I'm happy to provide more info. Thanks!

mholt commented 4 years ago

Your network setup seems a little crazy. What would be blocking dial tcp 173.245.58.51:53: i/o timeout? (Note that actually dial udp is tried first, as is the norm for DNS, but it falls back to tcp thanks to a recent PR by @Gansgar).

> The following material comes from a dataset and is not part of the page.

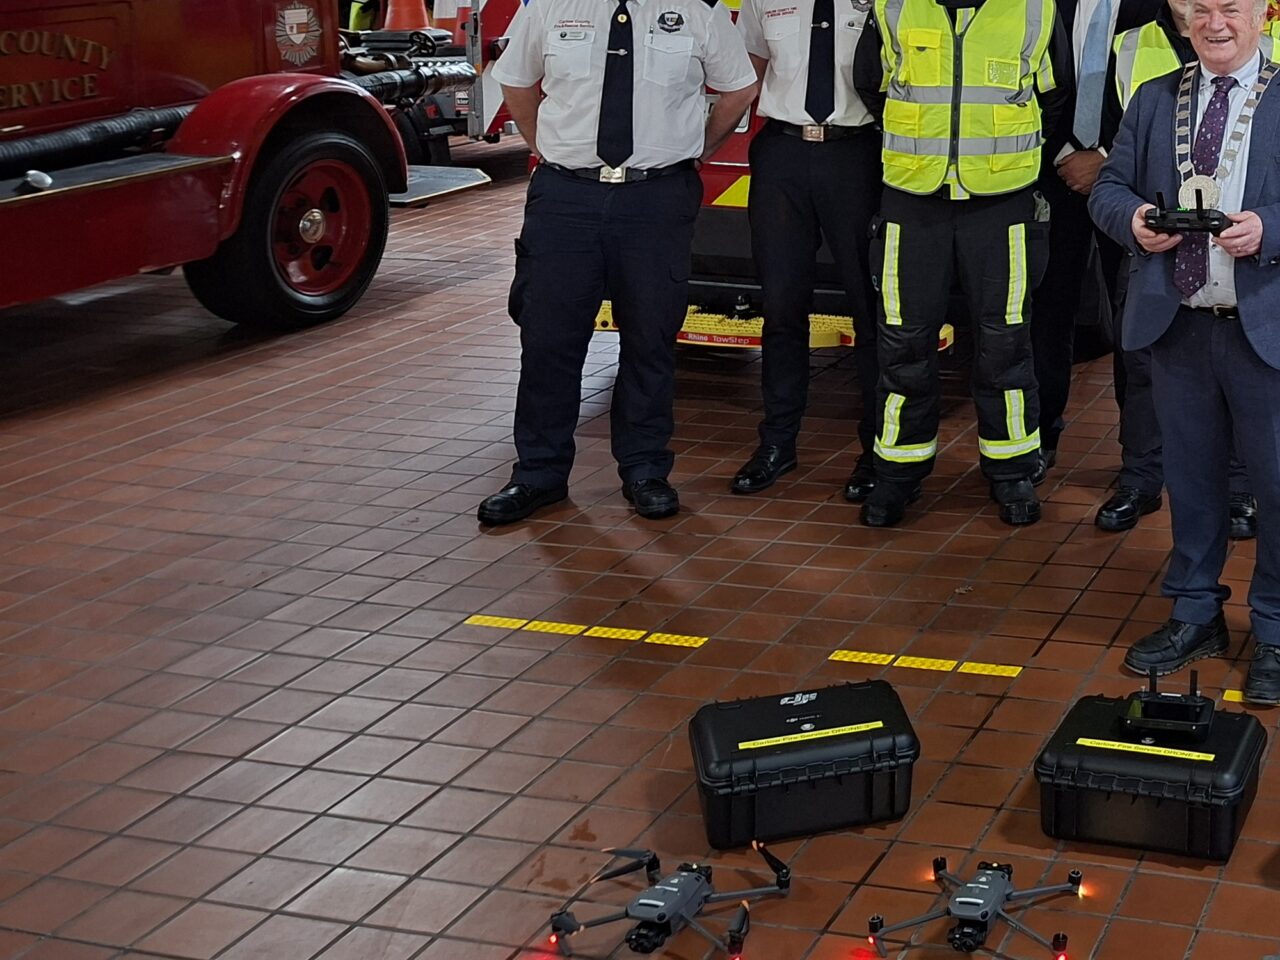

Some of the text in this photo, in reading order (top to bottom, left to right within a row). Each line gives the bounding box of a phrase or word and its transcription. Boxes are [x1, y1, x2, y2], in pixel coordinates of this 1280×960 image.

mholt commented 4 years ago

PS. I think adding the ability to configure a custom DNS resolver for the ACME challenges would probably solve the problem. What do you think? Also see https://github.com/go-acme/lego/issues/461

scoobybejesus commented 4 years ago

Okay, more progress.

(TL;DR - (a) DNS validation still doesn't fully complete for me, but (b) this issue #3664 may be ready to be closed.)

First, I goofed. I missed the :53 at the end of that IP. I had a rule to only allow port 53 to the pfSense interface (I should reserve that rule for my IOT networks only, I think). I should have caught that before replying, and we'd be a step closer by now. That's on me. Ugh. Sorry...

Second, this next failure has to do with the caddy jail being NAT'd (I think/assume). The jail doesn't have its own LAN IP. Rather, it is on a network inside the FreeBSD host (cloned loopback device, not that this detail should matter). The FreeBSD host is at 192.168.50.99. The jail's IP is 10.0.0.100, and it's only reachable through the host via port forwarding. I have host pf rules to (a) NAT out traffic from the jail network, and (b) port forward incoming 80 and 443 traffic to the jail.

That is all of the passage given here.